After years of effort, Shell is leaving the region "for the foreseeable future" because it failed to find enough oil to make further drilling worthwhile.
The company has spent more than US$7 billion on the effort, slogged through a regulatory gauntlet and fought environmental groups that feared a spill in the harsh climate would be difficult to clean up and devastating to polar bears, walruses, seals and other wildlife.
Shell persisted in hopes of finding a big new source of oil revenue and establishing expertise and a presence in the Arctic, which geologists estimate holds a quarter of the world's undiscovered conventional oil and gas.
The drilling project also held the hopes of Alaska, which has seen oil production and revenues decline sharply in recent years, and the US oil industry, which looked to Alaska's offshore Arctic as the next source of oil big enough to keep the country among the top three oil producers in the world along with Saudi Arabia and Russia.
But Shell drilled to 6,800 feet about 80 miles offshore in the Chukchi Sea off Alaska's northwest coast and just didn't find much.
"Shell continues to see important exploration potential in the basin, and the area is likely to ultimately be of strategic importance to Alaska and the US," Marvin Odum, director of Shell's operations in the Americas, said in a statement issued late Sunday. "However, this is a clearly disappointing exploration outcome for this part of the basin."
Known in the industry as turning up a "dry hole," it's common for exploratory drilling to find little to no oil, especially in formations that have not been explored much in the past.
But Shell's failure is notable because it was the only active drilling project in the sea, which Shell officials had called "a potential game-changer," a vast untapped reservoir that could add to America's energy supply for 50 years.
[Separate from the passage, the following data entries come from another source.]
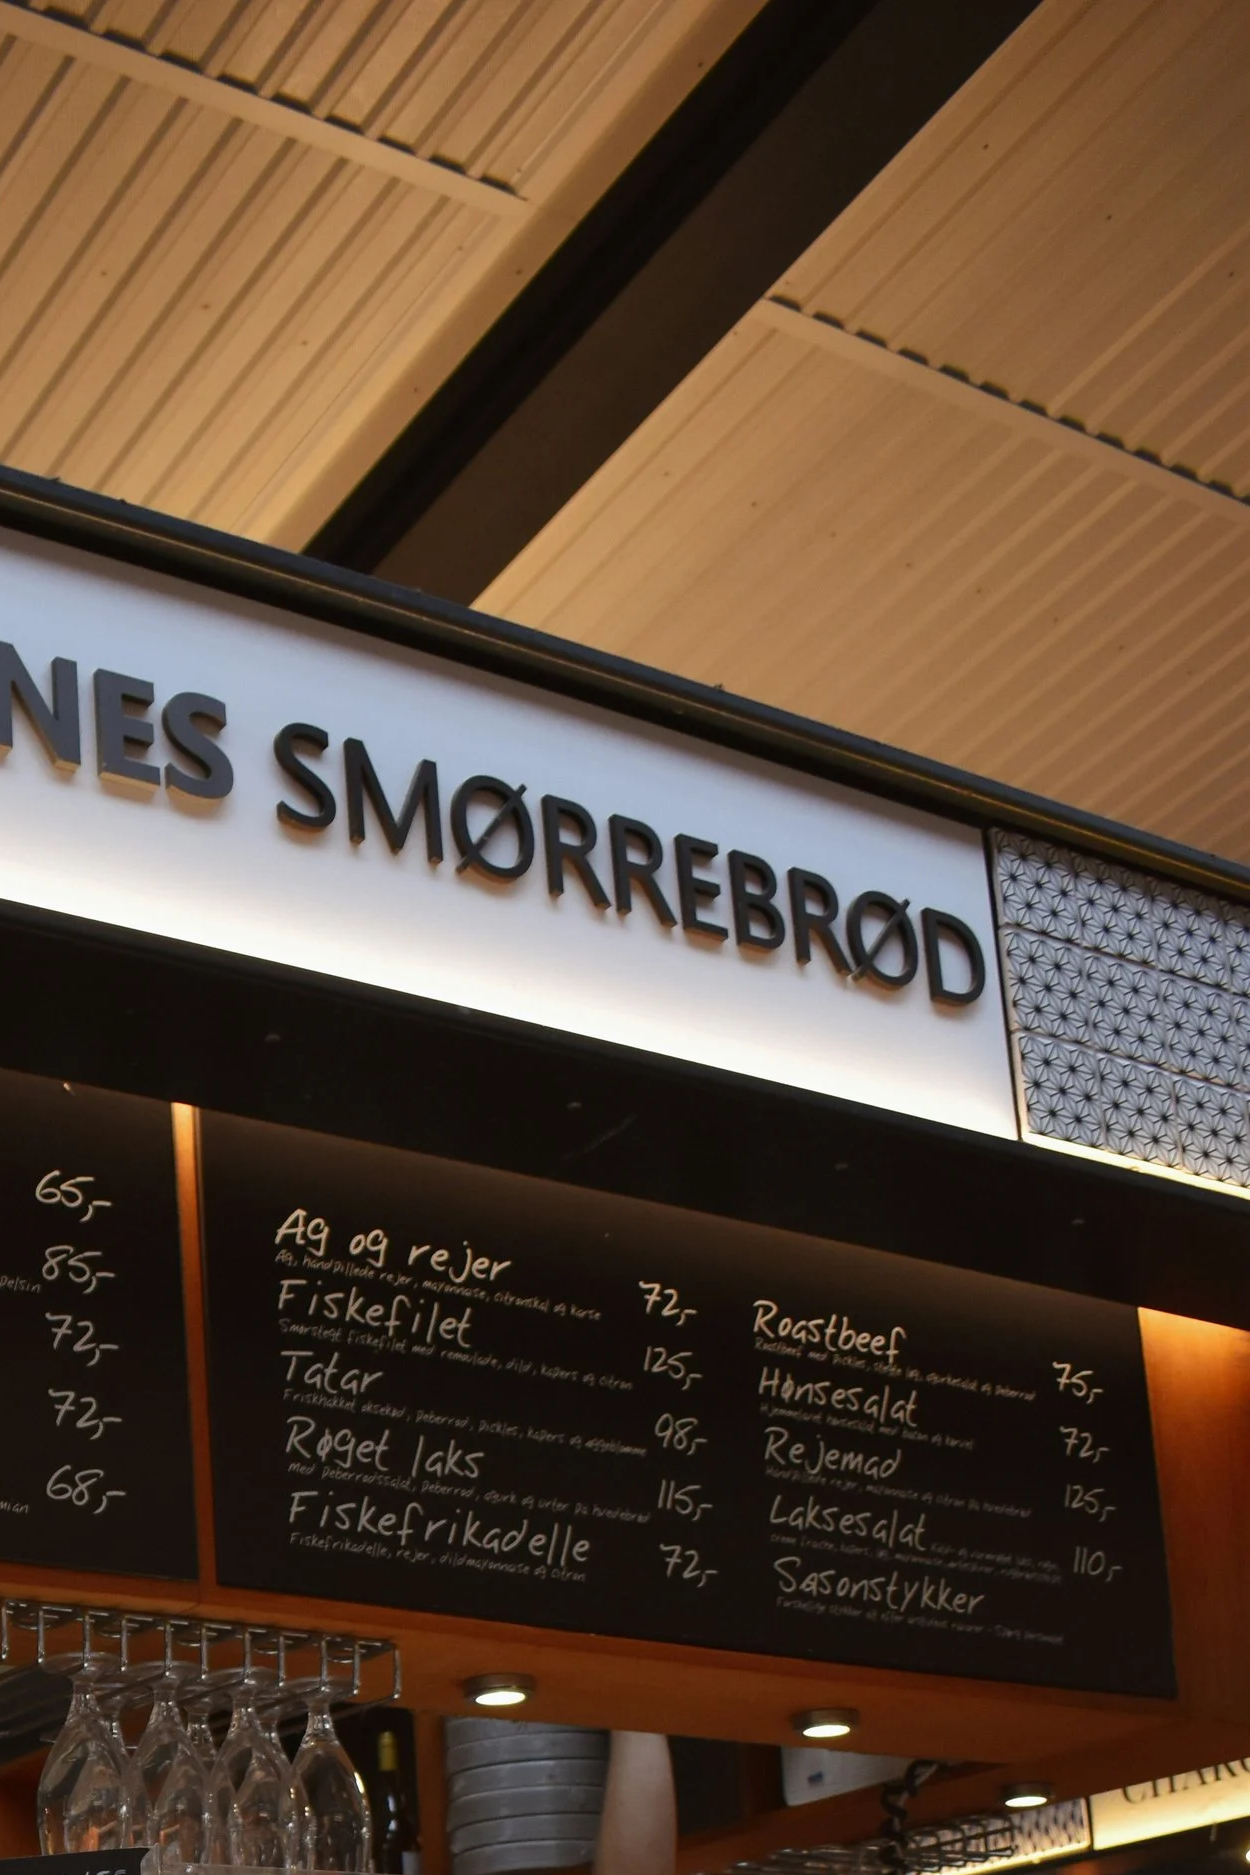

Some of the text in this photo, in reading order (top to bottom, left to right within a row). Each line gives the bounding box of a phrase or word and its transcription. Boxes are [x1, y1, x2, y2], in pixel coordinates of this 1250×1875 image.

[273, 722, 987, 1008] SMØRREBRØD
[349, 1228, 389, 1268] og
[407, 1240, 512, 1284] rejer
[277, 1278, 475, 1350] Fiskefilet
[752, 1299, 909, 1365] Roastbeef
[279, 1350, 385, 1396] Tatar
[758, 1366, 919, 1428] Hønsesalat
[285, 1415, 390, 1472] Røget
[411, 1434, 485, 1479] laks
[763, 1425, 903, 1480] Rejemad
[288, 1489, 591, 1568] Fiskefrikadelle
[769, 1494, 926, 1551] Laksesalat
As recently as March, a US Energy Department advisory council called for an immediate expansion of oil exploration in the American Arctic to avoid an increased reliance on imported oil in the future, in part because it would take more than a decade for oil in the Arctic to be discovered, developed and brought to market.
Charles Ebinger, senior fellow for the Brookings Institution Energy Security and Climate Initiative, said in an interview that a successful well by Shell would have been "a terribly big deal" because it would have attracted others to the region.
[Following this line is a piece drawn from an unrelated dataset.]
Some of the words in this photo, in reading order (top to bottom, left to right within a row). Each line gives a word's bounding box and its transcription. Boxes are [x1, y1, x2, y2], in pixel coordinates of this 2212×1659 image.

Though countries are pushing for cleaner energy sources, analysts predict that the world will need another 10 million barrels a day between 2030 and 2040 to meet growing demand, especially in developing countries, Ebinger said. The world now consumes 93.6 million barrels of oil every day.
Regions like the Arctic "are one of the areas that, if we're going to be able to do this, we need to examine," he said.
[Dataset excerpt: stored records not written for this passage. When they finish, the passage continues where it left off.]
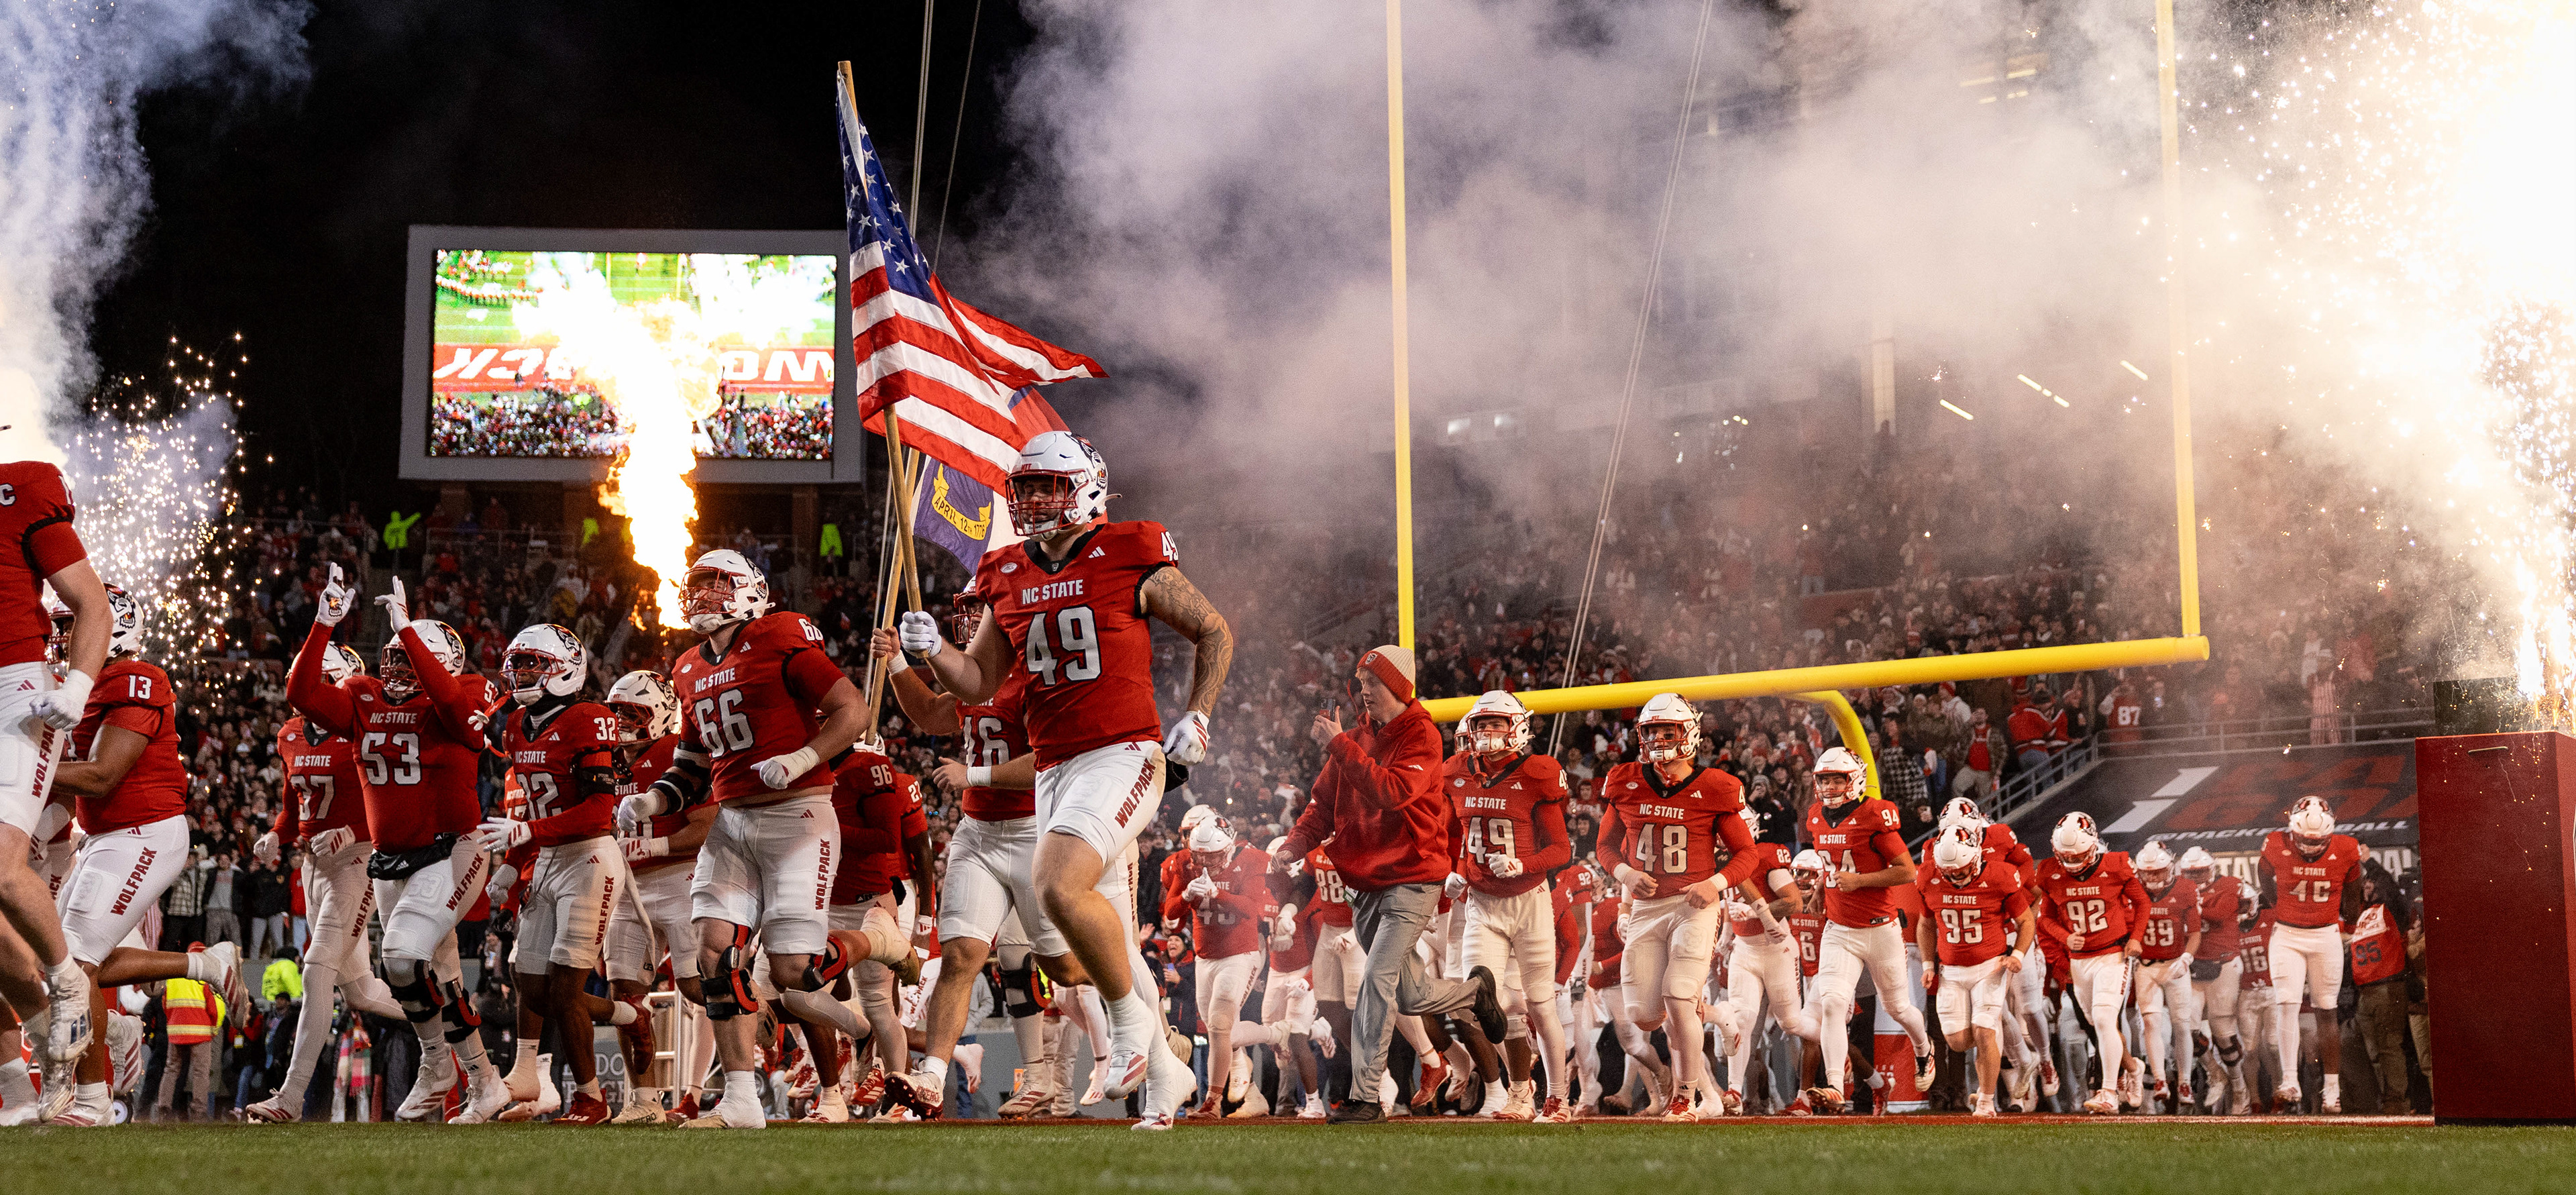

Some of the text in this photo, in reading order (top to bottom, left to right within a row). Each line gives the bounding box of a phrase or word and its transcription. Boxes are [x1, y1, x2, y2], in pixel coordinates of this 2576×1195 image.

[934, 496, 957, 525] APRIL
[973, 524, 985, 537] 1776
[1161, 530, 1179, 562] 49
[1022, 579, 1084, 605] NC STATE
[798, 617, 824, 641] 66
[1025, 604, 1102, 687] 49
[128, 674, 152, 700] 13
[695, 667, 736, 693] NC STATE
[370, 712, 418, 724] NC STATE
[694, 688, 755, 759] 66
[2117, 705, 2142, 726] 87
[594, 717, 616, 741] 32
[32, 721, 56, 799] WOLFPA
[294, 755, 332, 767] NC STATE
[361, 731, 422, 786] 53
[515, 751, 547, 764] NC STATE
[615, 782, 639, 795] STATE
[870, 764, 893, 787] 96
[289, 774, 335, 821] 37
[1114, 758, 1157, 830] WOLFPACK
[1464, 796, 1507, 810] NC STATE
[1640, 804, 1685, 820] NC STATE
[1881, 809, 1900, 827] 94
[1467, 816, 1517, 864] 49
[1635, 823, 1688, 874] 48
[1819, 834, 1846, 845] NC STATE
[1776, 848, 1792, 864] 82
[110, 846, 158, 916] WOLFPACK
[445, 853, 484, 912] WOLFPACK
[815, 838, 830, 911] WOLFPACK
[1577, 872, 1592, 886] 92
[2292, 866, 2326, 877] NC STATE
[1943, 894, 1977, 905] NC STATE
[2066, 886, 2100, 896] NC STATE
[594, 875, 614, 945] WOLFPACK
[1791, 918, 1819, 928] NC STATE
[2065, 898, 2109, 934] 92
[1940, 908, 1984, 945] 95
[1799, 931, 1817, 962] 6
[2355, 940, 2382, 967] 95
The US Geological Survey estimates that American Arctic waters in the Chukchi and Beaufort seas contain 26 billion barrels or more of recoverable oil.
The Arctic's vast oil and gas potential is exactly what worries scientists, who warn against tapping new sources of fossil fuels at a time when the world needs to drastically reduce emissions of carbon dioxide from fossil fuel consumption in order to prevent catastrophic changes to the earth's climate.
Environmental groups, which had staged media campaigns aimed at tarnishing Shell's reputation and tried unsuccessfully to block Arctic-bound vessels, revelled in Shell's disappointment.
"Big oil has sustained an unmitigated defeat," Greenpeace UK Executive Director John Sauven said.
Shell, which is based in The Hague, Netherlands, warned investors that the disappointing well results would lead to a charge against its earnings for the third quarter. It did not disclose the size of the charge but said the accounting value of the project is US$3 billion, with another US$1.1 billion in commitments to contractors. The company took charges of US$2.1 billion in 2013 and US$1.9 billion in 2014 also as a result of disappointing drilling results in the US.
Shell's shares were down 3 per cent Monday in afternoon trading, in line with a broad market decline, to US$45.89. Shell's share price has fallen by around a third over the past year as oil prices have fallen by half, to about US$45 a barrel.
Those weak oil prices are forcing oil companies around the world to cancel or delay new exploration, especially in risky or high-cost areas. That was probably a factor in Shell's decision to abandon offshore Alaska.
The Alaskan decision is "an example of not going forward with a project because there is just not enough oil and gas to make it economic," said Louise Cooper, an independent analyst at CooperCity. "If the oil price rises again and the well becomes economic, then it can try again."
But Miyoko Sakashita, oceans program director for the Center for Biological Diversity, urged Shell not to make another attempt.